The idea of future usefulness is relevant to the quality control practice of sampling. Sampling is nondestructive testing if the tested sample is returned to service. e.g. If the steel is tested to verify the alloy in some bolts that can then be returned to service then the test is nondestructive. In contrast, even if spectroscopy used in the chemical testing of many fluids is inherently nondestructive, the process is destructive if the test samples are discarded after testing.
It is a controlled test which is done with the machine and we get the assured of quality control and we get a proof of that material. NDT provides an excellent balance between quality control and cost-effectiveness.
NDE Test .
Non-destructive evaluation (NDE) is a term that is often used interchangeably with NDT. The nondestructive testing is not confined to crack detection but an NDE method would not only locate a defect, but it would also be used to measure about that defect such as its size, shape, and orientation.
Radioactive Methods
Rebound test.
The rebound hammer is a surface hardness tester for which an empirical correlation has been established between strength and rebound number.

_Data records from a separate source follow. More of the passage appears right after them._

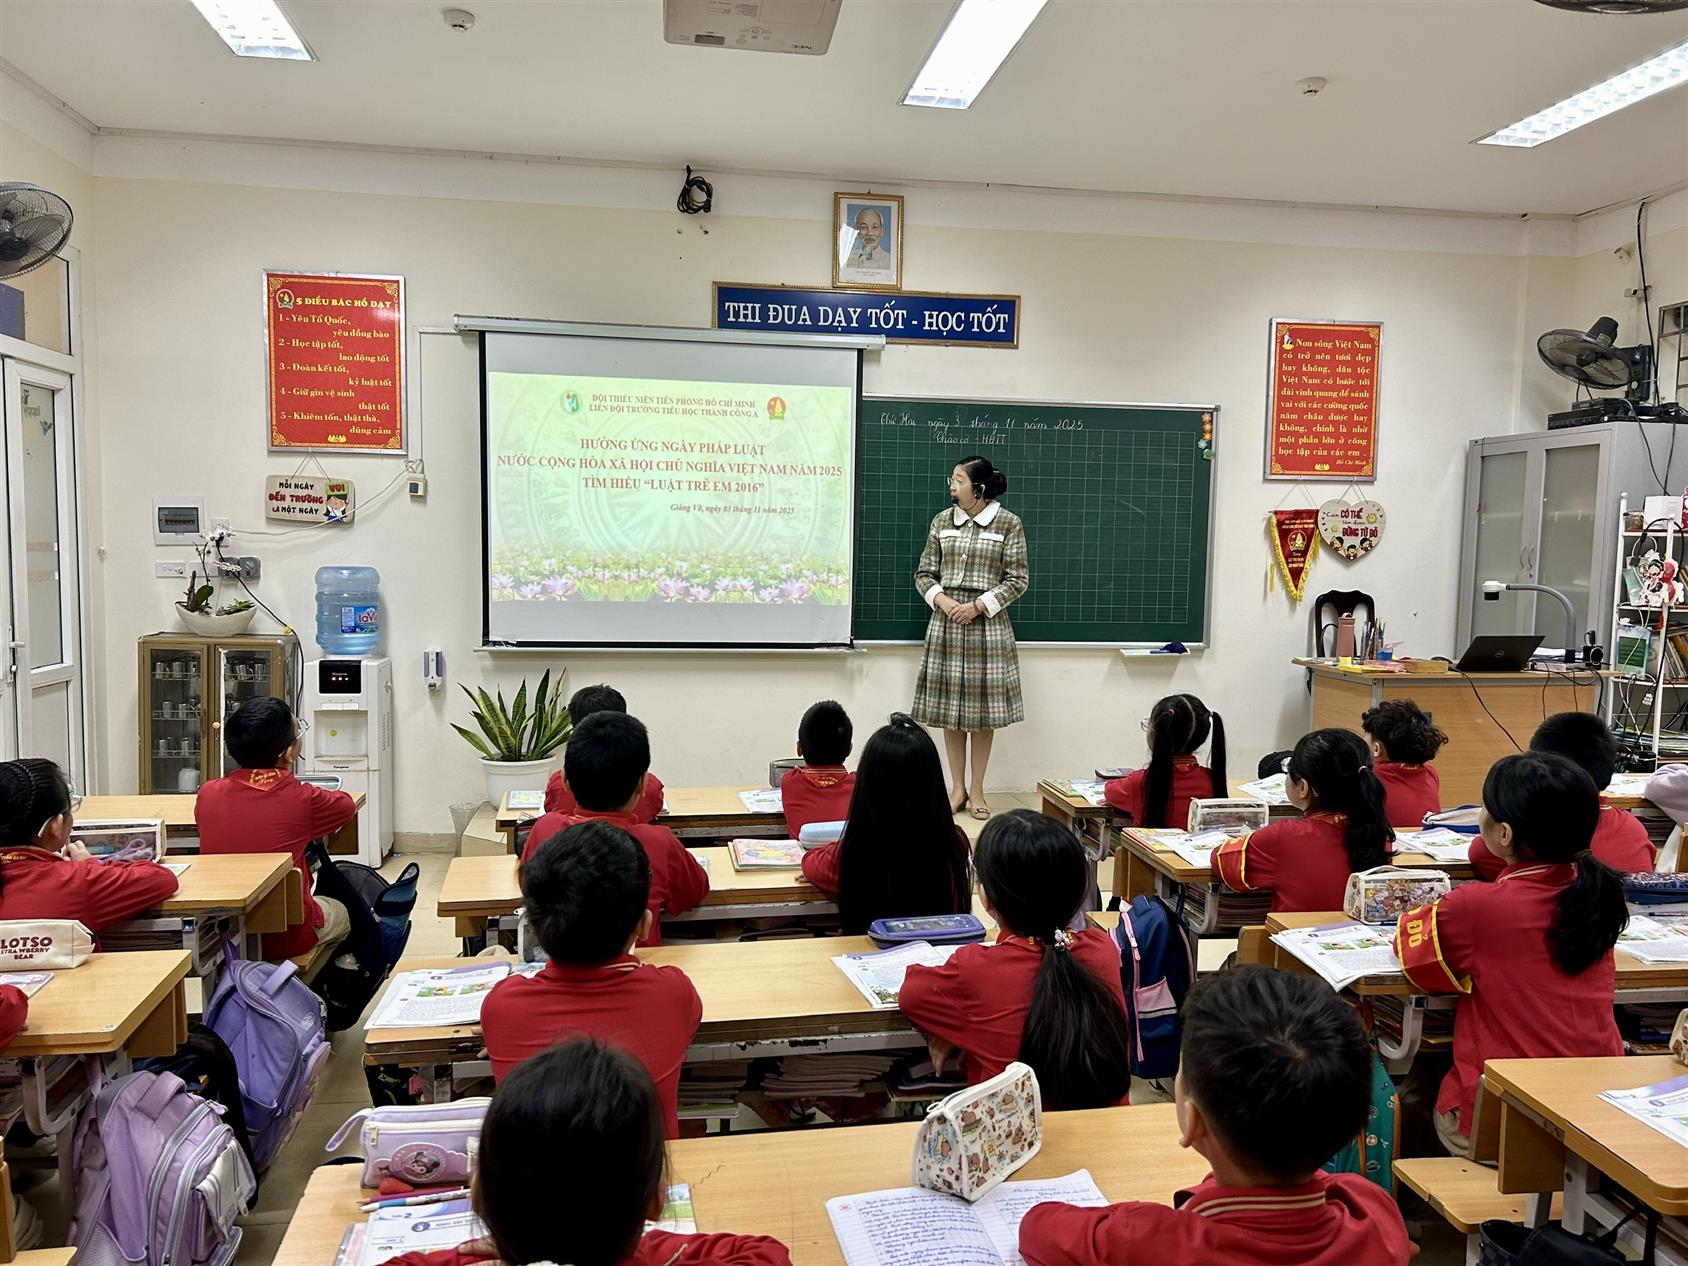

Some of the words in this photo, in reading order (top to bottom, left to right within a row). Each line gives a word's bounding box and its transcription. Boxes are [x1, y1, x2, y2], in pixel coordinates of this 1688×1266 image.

[332, 298, 352, 306] BÁC
[370, 300, 391, 309] DẠY
[725, 302, 761, 322] THI
[768, 306, 812, 326] ĐUA
[818, 306, 863, 332] DẠY
[868, 300, 906, 329] TỐT
[923, 311, 965, 336] HỌC
[970, 304, 1008, 333] TỐT
[1314, 340, 1333, 349] sông
[1335, 340, 1351, 350] Việt
[1353, 341, 1371, 349] Nam
[339, 353, 352, 361] lao
[354, 354, 376, 362] động
[378, 354, 389, 362] tốt
[1282, 364, 1296, 373] hay
[1302, 364, 1330, 374] không,
[1336, 365, 1352, 373] dân
[1357, 367, 1370, 375] tộc
[362, 378, 378, 386] luật
[380, 378, 392, 386] tốt
[1282, 375, 1298, 384] Việt
[359, 402, 376, 410] thật
[378, 402, 389, 410] tốt
[580, 436, 627, 450] HƯỞNG
[630, 438, 658, 452] ỨNG
[661, 440, 696, 453] NGÀY
[699, 442, 732, 454] PHÁP
[734, 444, 766, 458] LUẬT
[1279, 447, 1293, 456] học
[1297, 448, 1310, 456] tập
[497, 453, 536, 466] NƯỚC
[539, 456, 576, 470] CỘNG
[579, 456, 606, 469] HÒA
[609, 457, 627, 470] XÃ
[630, 459, 653, 472] HỘI
[656, 458, 683, 472] CHỦ
[686, 460, 725, 473] NGHĨA
[728, 463, 756, 476] VIỆT
[759, 464, 787, 474] NAM
[789, 464, 817, 476] NĂM
[819, 466, 842, 476] 2025
[294, 482, 314, 490] NGÀY
[329, 484, 345, 492] VUI
[582, 475, 606, 489] TÌM
[610, 476, 641, 489] HIỂU
[687, 478, 710, 491] TRẺ
[713, 481, 732, 492] EM
[281, 505, 296, 514] MỘT
[1406, 918, 1429, 948] ĐỎ
[1, 937, 52, 949] LOTSO
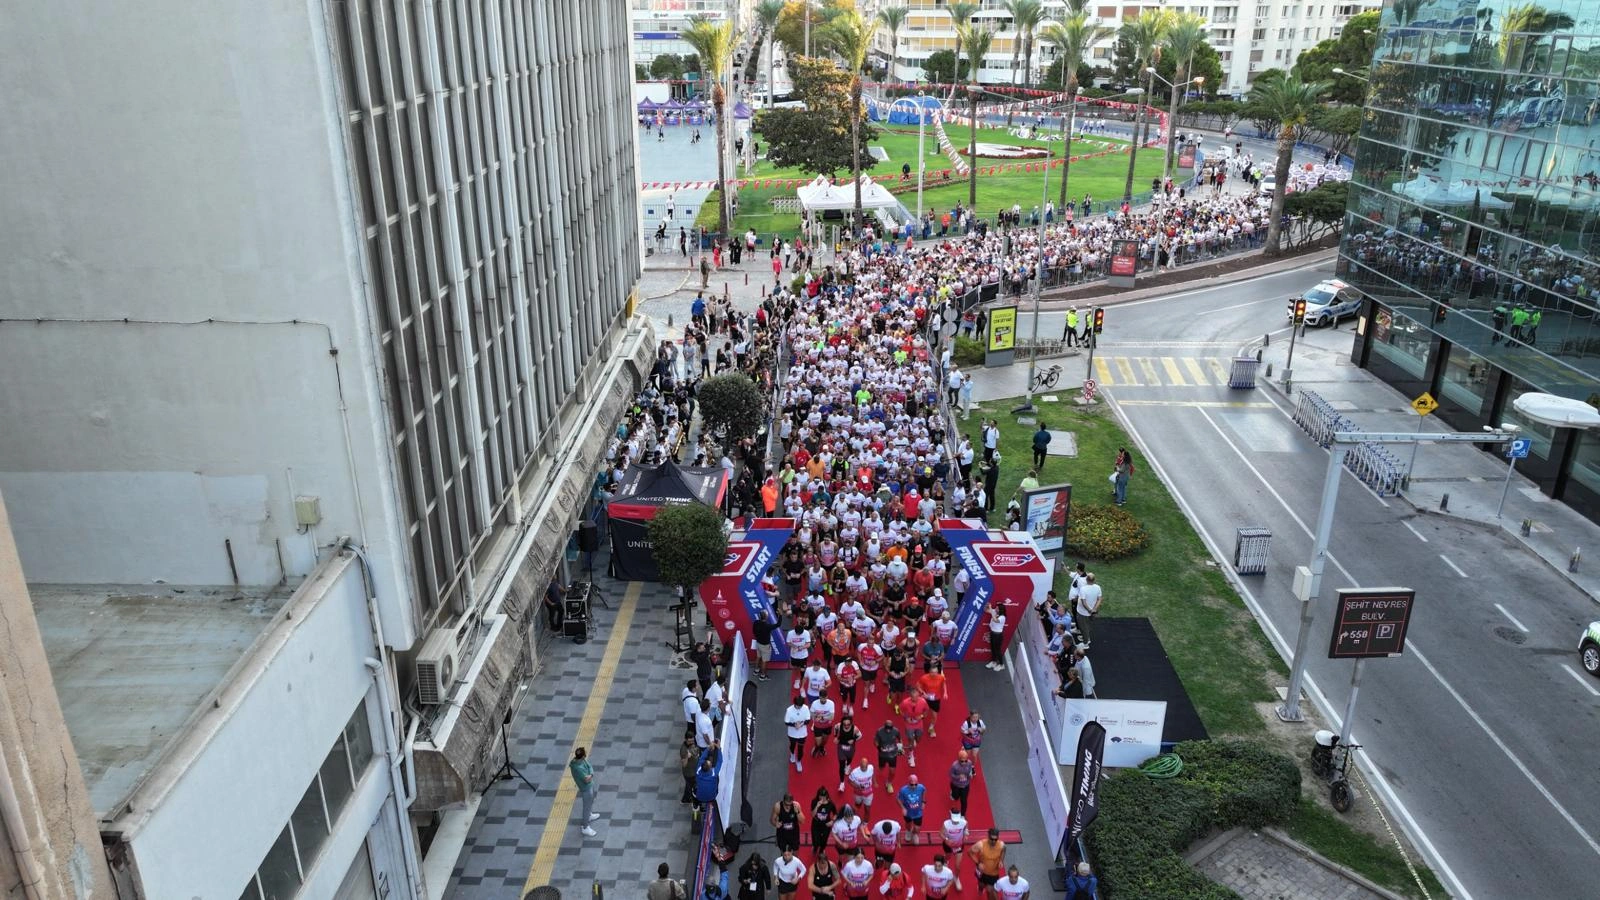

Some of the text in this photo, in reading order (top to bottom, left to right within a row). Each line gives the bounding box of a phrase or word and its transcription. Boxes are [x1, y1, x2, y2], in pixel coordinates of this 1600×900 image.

[627, 540, 654, 549] UNITE
[746, 545, 772, 583] START
[956, 545, 987, 580] FINISH
[745, 589, 763, 610] 21K
[972, 586, 989, 610] 21K
[1372, 600, 1407, 609] NEVRES
[1349, 630, 1368, 639] 550
[1380, 625, 1391, 637] P
[1080, 748, 1093, 797] TIMING
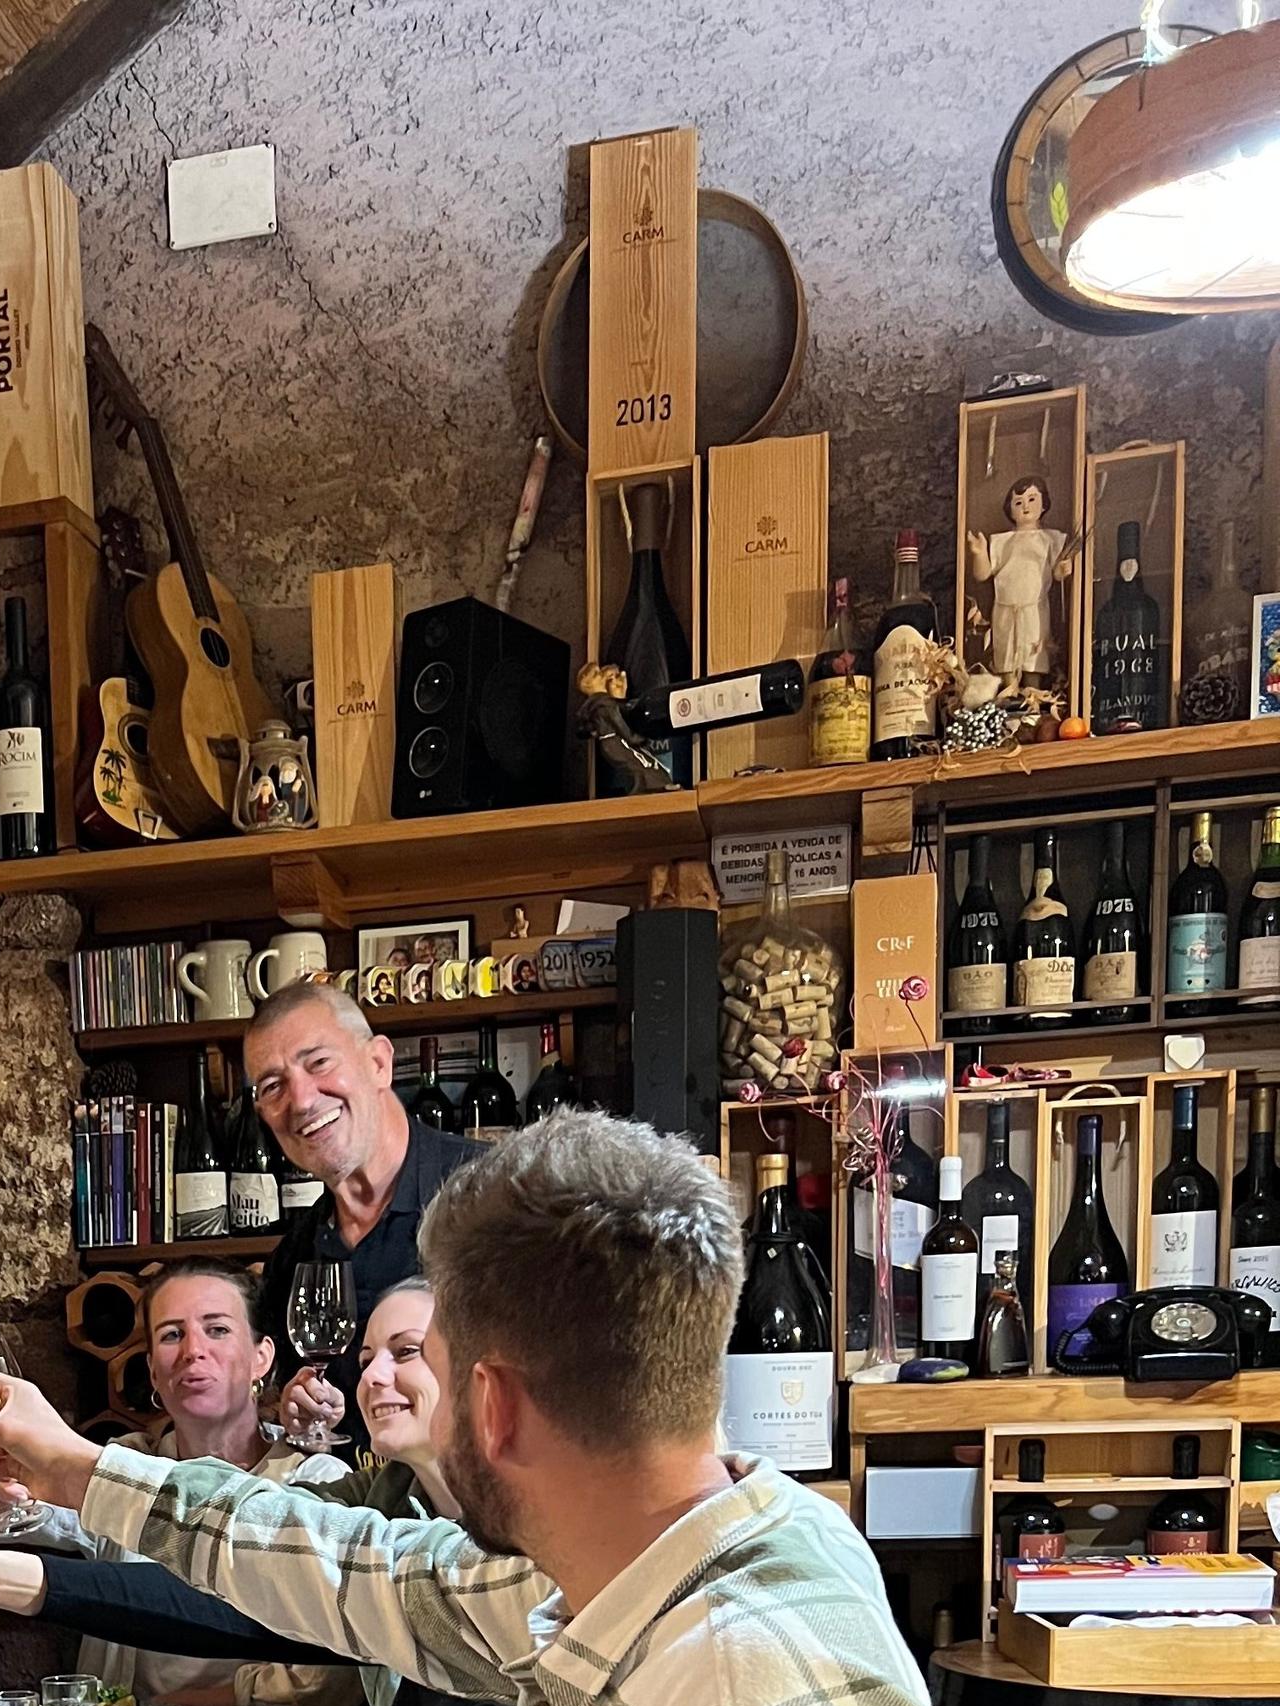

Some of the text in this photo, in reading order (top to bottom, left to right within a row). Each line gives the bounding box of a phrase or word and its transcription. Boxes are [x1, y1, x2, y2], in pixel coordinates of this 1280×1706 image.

[622, 226, 665, 244] CARM
[616, 394, 672, 427] 2013
[745, 537, 788, 553] CARM
[337, 700, 377, 716] CARM
[649, 739, 670, 751] RM
[721, 835, 842, 856] É PROIBIDA A VENDA DE
[721, 857, 764, 870] BEBIDAS
[834, 850, 842, 860] A
[725, 872, 767, 884] MENOR
[794, 868, 805, 878] 16
[808, 865, 837, 877] ANOS
[1095, 898, 1135, 916] 1975
[961, 912, 999, 929] 1975
[580, 950, 616, 969] 1952
[753, 1412, 792, 1420] CORTES
[795, 1411, 808, 1419] DO
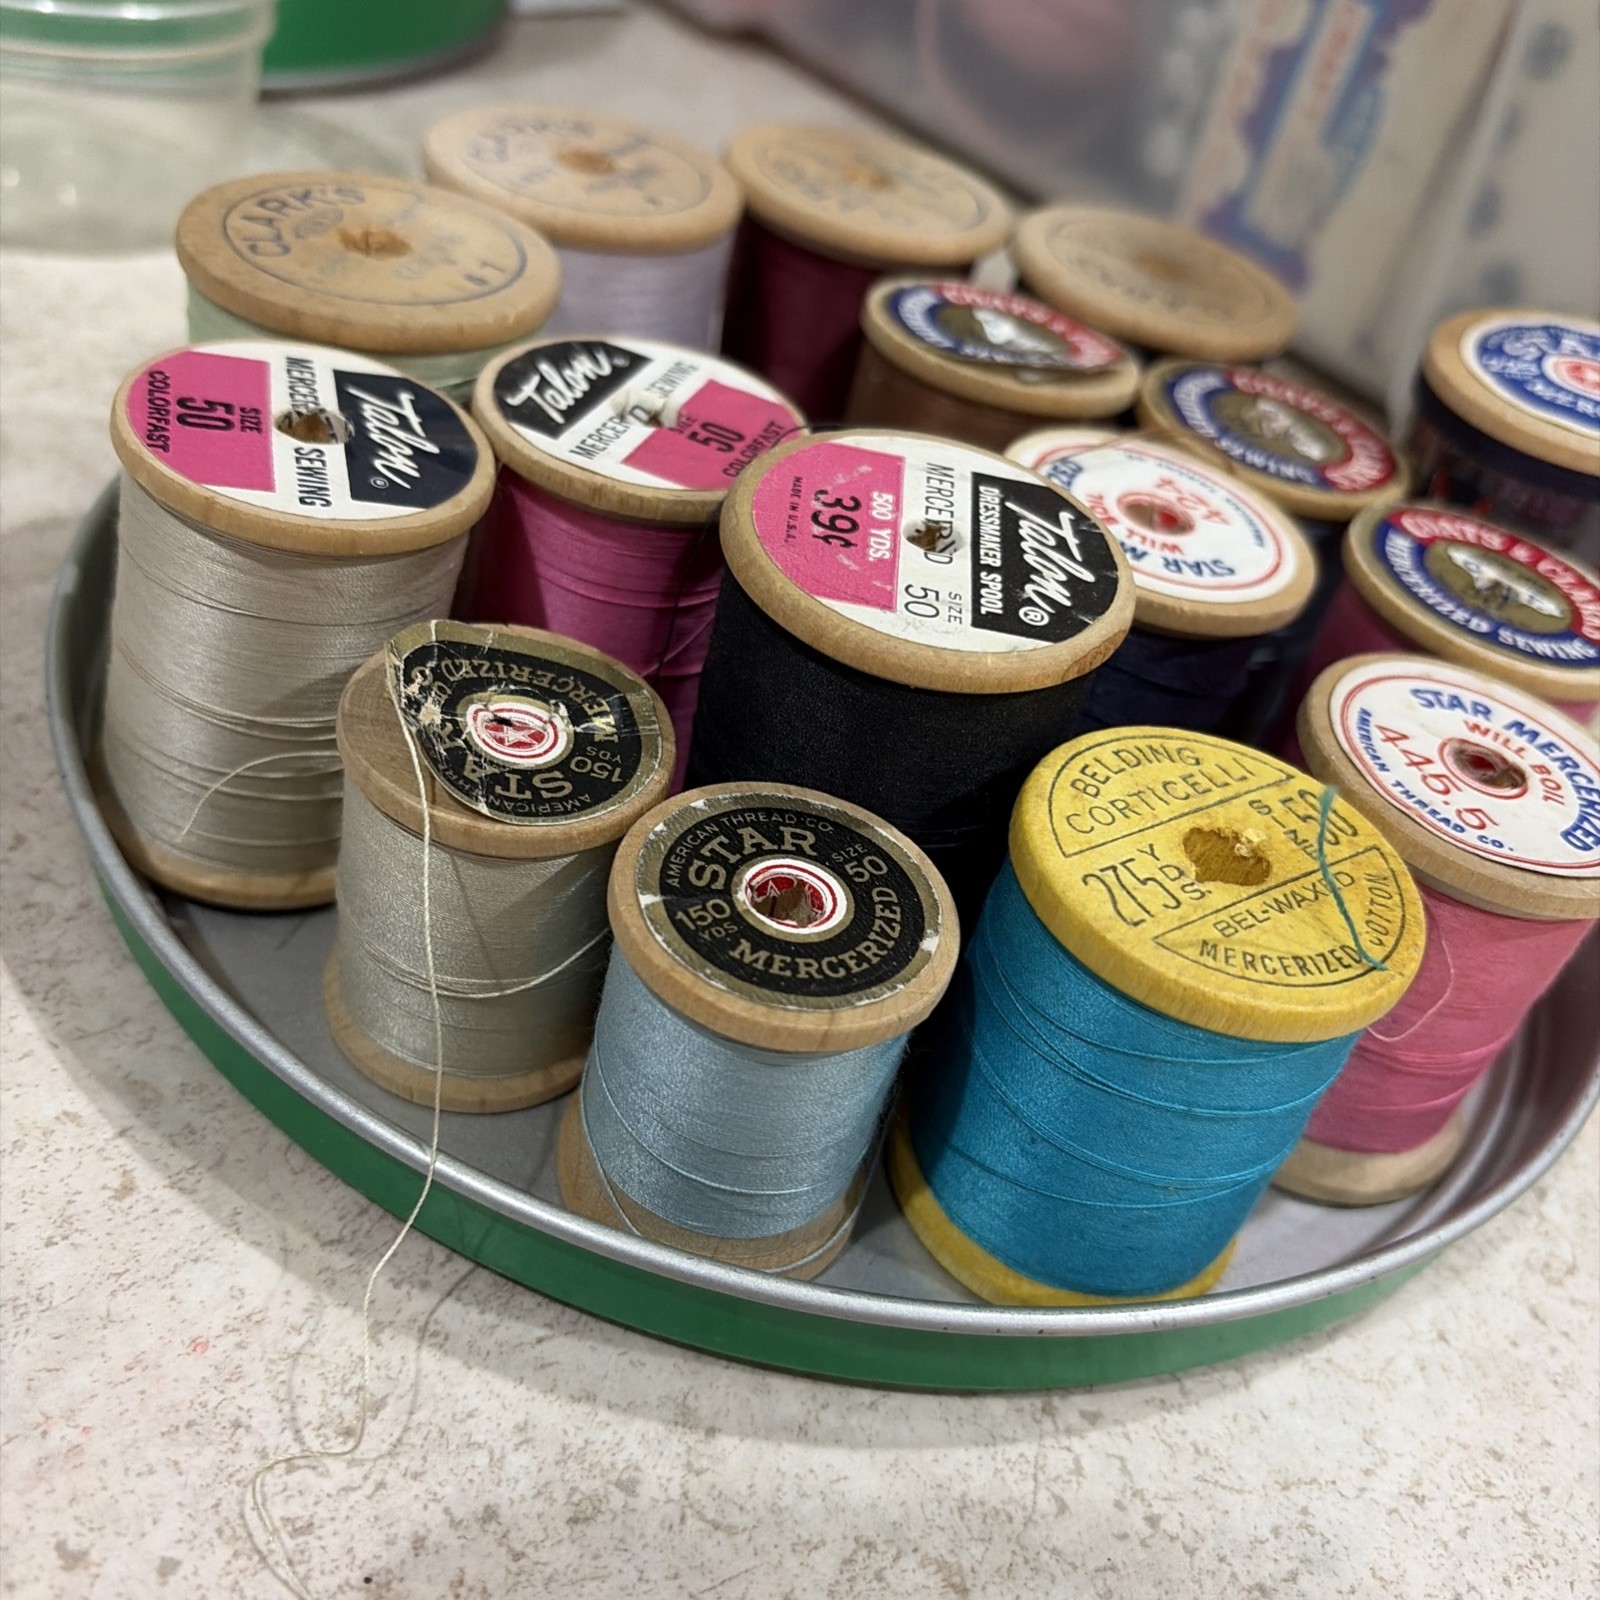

The only known instrument to make use of the rebound principle for concrete testing is the Schmidt hammer and is suitable for both laboratory and field work.
1.The underlying principle of the rebound hammer test is that the rebound of an elastic mass depends on the hardness of the surface against which its mass strikes. 2. The hammer is forced against the surface of the concrete by the spring and the distance of rebound is measured on a scale. The test surface can be horizontal, vertical or at any angle but the instrument must be calibrated in this position.
3. The surface hardness and therefore the rebound is taken to be related to the compressive strength of the concrete. The rebound value is read from a graduated scale and is designated as the rebound number or rebound index. The compressive strength can be read directly from the graph provided on the body of the hammer.
4. The Schmidt hammer provides an inexpensive, simple and quick method of obtaining an indication of concrete strength, but accuracy of 15 to 20 percent is possible. 5. The results are affected by factors such as smoothness of surface, size and shape of specimen, moisture condition of the concrete, type of cement and coarse aggregate, and extent of carbonation of surface.
1.Before commencement of a test, the rebound hammer should be tested against test anvil, to get reliable results, for which the manufacturer of the rebound hammer indicates the range of readings on the anvil suitable for different types of rebound hammer. 2. Apply light pressure on the plunger it will release it from the locked position and allow it to extend to the ready position for the test. 3.Press the plunger against the surface of the concrete, keeping the instrument perpendicular to the test surface. Apply a gradual increase in pressure until the hammer impacts. (Do not touch the button while depressing the plunger. Press the button after impact, in case it is not convenient to note the rebound reading in that position.) 4. Take the average of about 15 readings.
Penetration test
This is a method which can be employed for the detection of open-to-surface discontinuities in any industrial product which is made from a non-porous material.Other name for same test is liquid PT. A liquid penetrate is applied to the surface of the product for a certain predetermined time, after which the excess penetrate is removed from the surface.